200,000 left Hungary after the Revolution of 1956 was defeated. Among them was a young man who took part in the fight and was forced to flee from the retaliation. He later settled in the United States and started a family. He told his child a lot about the adventures in his youth, his fight against oppression and the particulars and mechanics of tyranny.

The child was so impressed by these stories that, as an adult in America, he continued his father’s fight against totalitarianism with his own tools. He concluded that one should have a healthy amount of distrust toward people in power, as power can be widely abused. Therefore, we should create structures where arbitrary decision-making is possible only when absolutely necessary. As many issues as possible should be governed by pre-set agreements that leading policy makers cannot change to serve their own interests. But how likely are they to respect the mutually agreed-upon rules once they gain the right to modify them? How can we guarantee that they will not abuse power through smart changes to the playbook?

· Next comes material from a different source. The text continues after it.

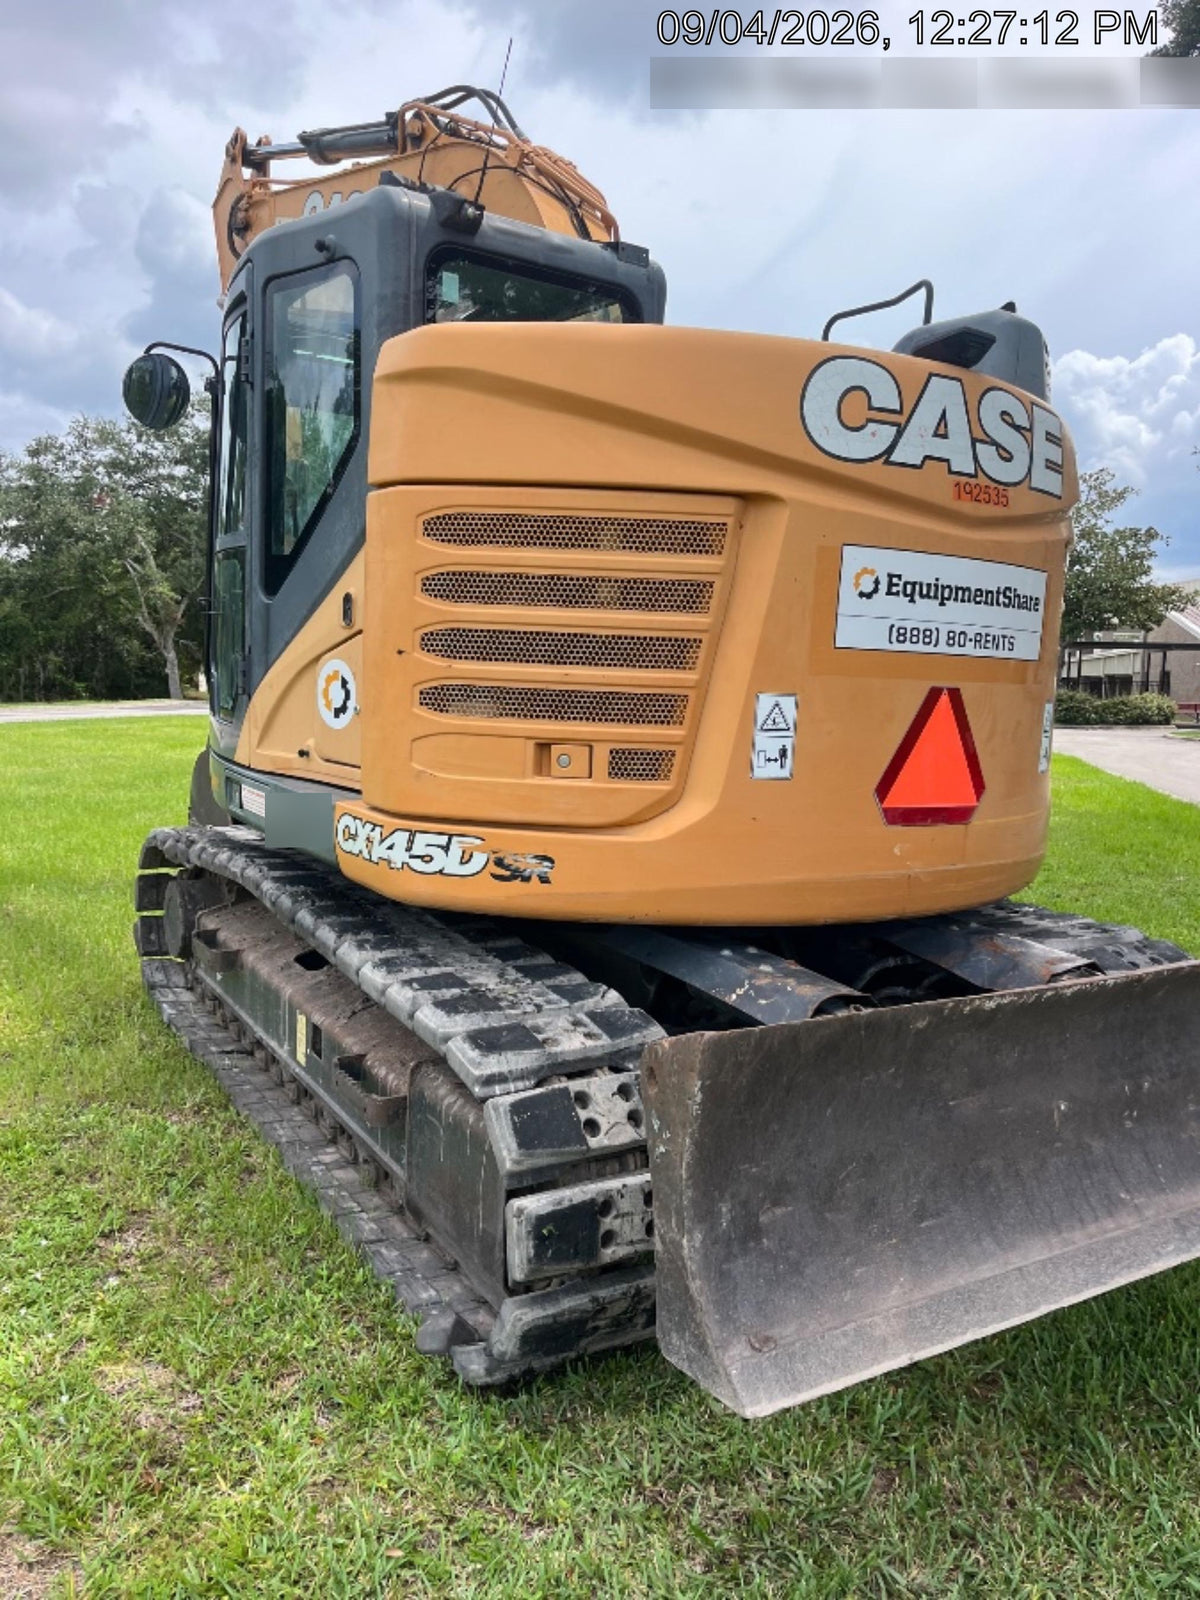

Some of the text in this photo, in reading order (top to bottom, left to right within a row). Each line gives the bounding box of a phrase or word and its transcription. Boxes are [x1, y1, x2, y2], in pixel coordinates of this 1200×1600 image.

The answer is by creating systems that even the mightiest cannot manipulate. It is not a coincidence that a Hungarian freedom fighter and refugee’s son, the computer scientist Nick Szabo created and defined the notion of smart contracts in 1997. These are agreements that execute a predefined rule set independently of anyone else, in a tamper-proof and automatic manner. Almost 20 years later, his concept was realized with the birth of Ethereum.

It is not by chance either that Nick Szabo also laid the theoretical foundations of tamper-proof monetary systems. In 1998, he described a seemingly feasible decentralized currency he called bit gold. Such a currency operates by initial rules that no monetary committee can override afterward (as they would, for example, when it is their concealed interest to debase a currency.) Not even its own creator can tweak them.

Bit gold was never realized in practice because no one implemented it. However, the anonymous creator of Bitcoin, Satoshi Nakamoto, transferred many ideas from it into his own invention. Some think it is because Satoshi and Szabo are the same person. Be that true or false, let us not forget that these tools were created so that leading policy makers cannot abuse their power as easily as they could so many times over the course of history, such as in communist Hungary. These are recent inventions that still need plenty of development and we have yet to gain a deeper understanding of. But once we apply them cleverly in organizing our economy and society, we could radically decrease the odds of national tragedieslike the Revolution of 1956. Doing so is their very purpose.